Your task is to print all of the data below exactly, with no pictures included.

* _Material for this exercise_:

**********

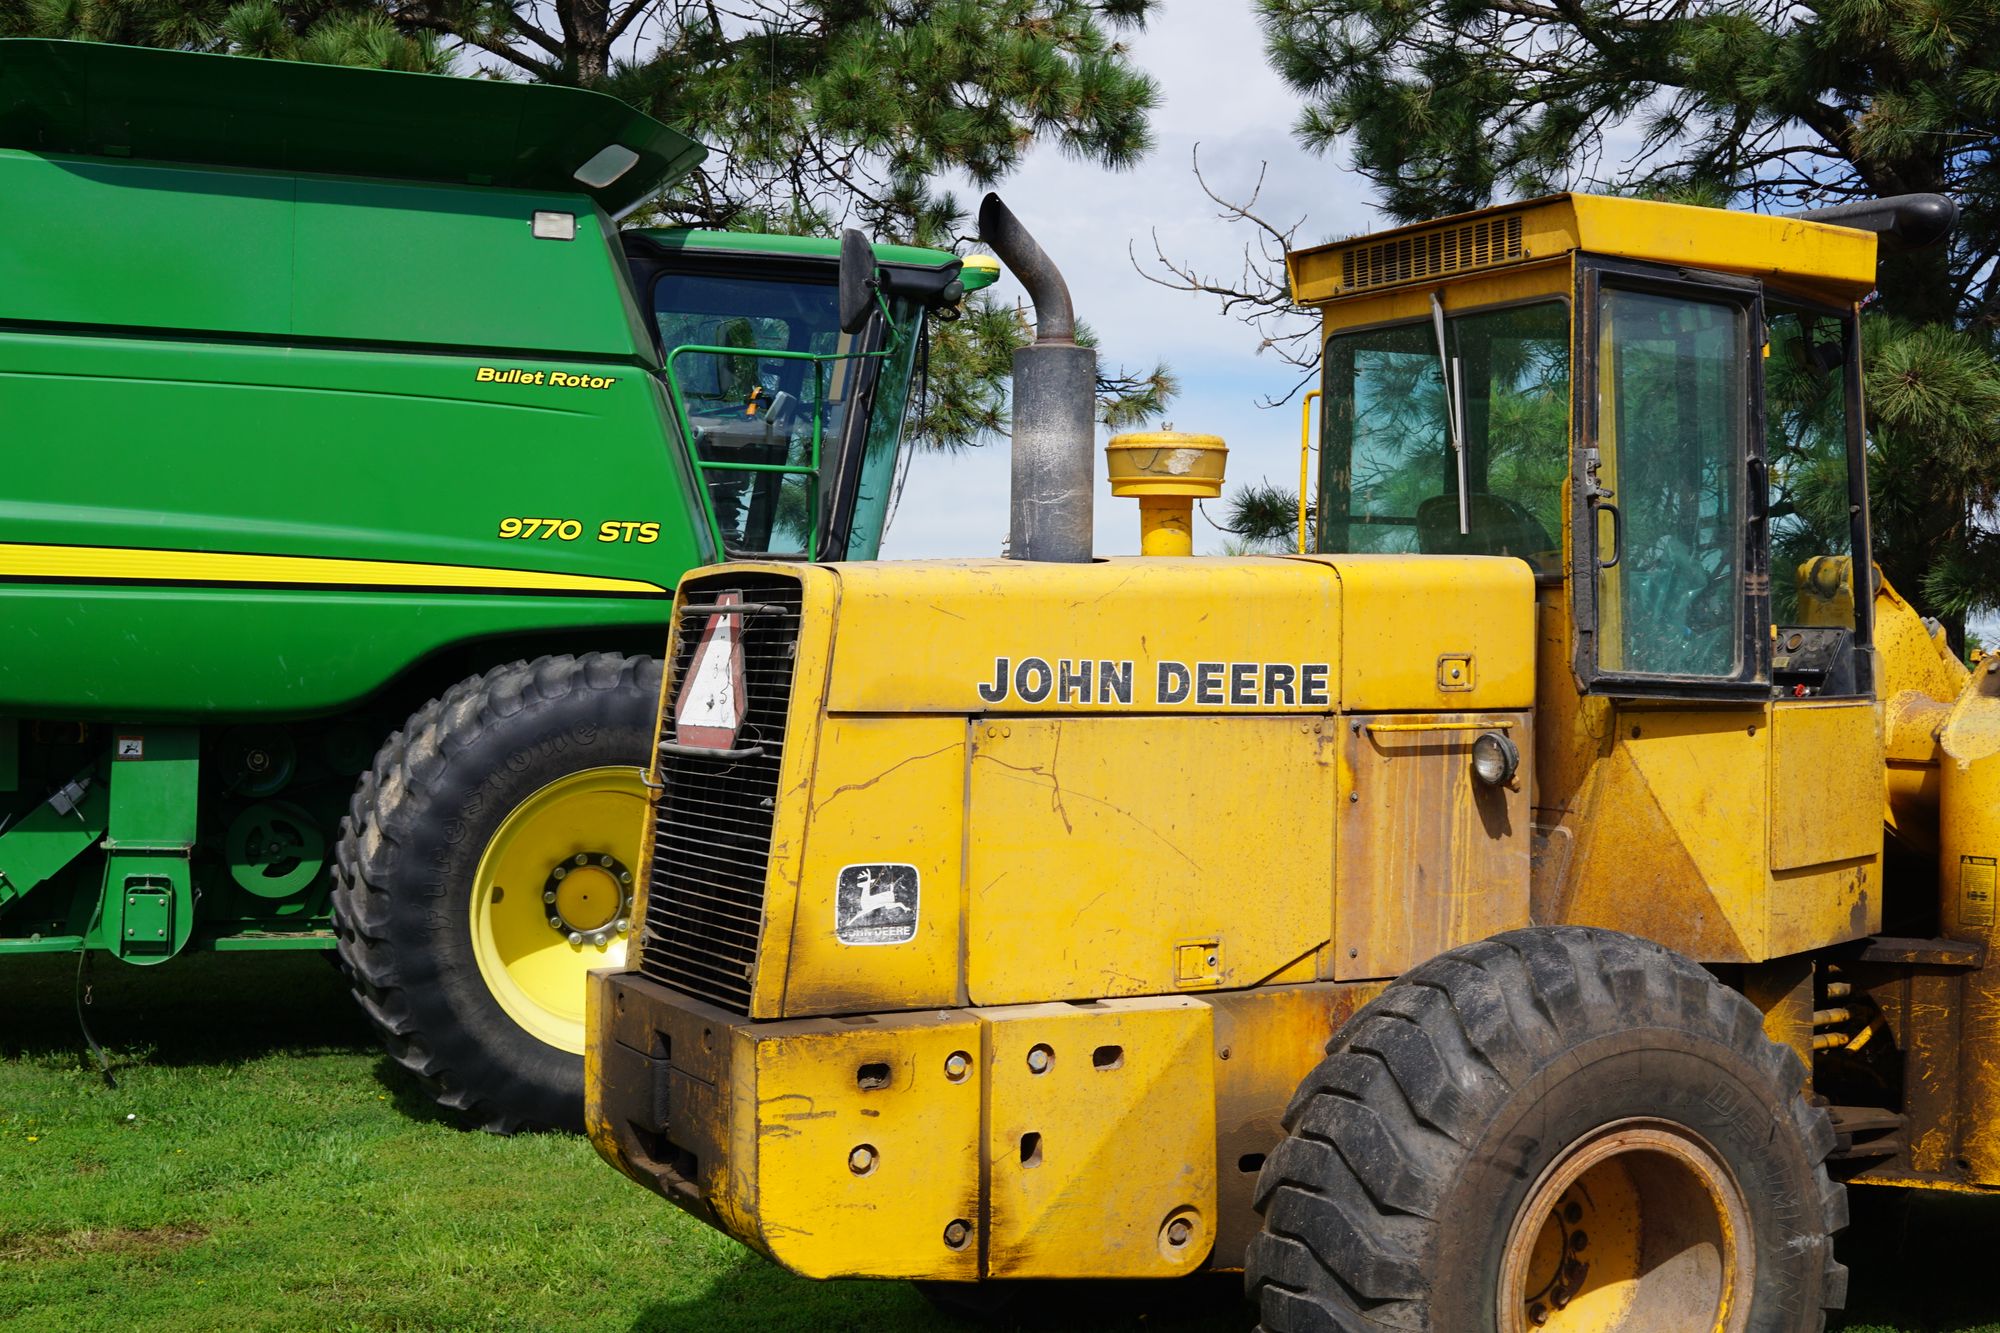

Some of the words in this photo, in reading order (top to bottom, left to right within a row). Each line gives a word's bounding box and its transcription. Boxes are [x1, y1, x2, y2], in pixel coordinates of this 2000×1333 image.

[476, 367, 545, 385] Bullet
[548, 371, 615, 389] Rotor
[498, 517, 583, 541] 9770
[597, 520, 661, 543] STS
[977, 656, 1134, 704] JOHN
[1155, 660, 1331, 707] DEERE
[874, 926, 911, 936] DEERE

**********

* _Your solution_:
Some of the words in this photo, in reading order (top to bottom, left to right within a row). Each line gives a word's bounding box and its transcription. Boxes are [x1, y1, x2, y2], in pixel coordinates of this 2000×1333 image.

[476, 367, 545, 385] Bullet
[548, 371, 615, 389] Rotor
[498, 517, 583, 541] 9770
[597, 520, 661, 543] STS
[977, 656, 1134, 704] JOHN
[1155, 660, 1331, 707] DEERE
[874, 926, 911, 936] DEERE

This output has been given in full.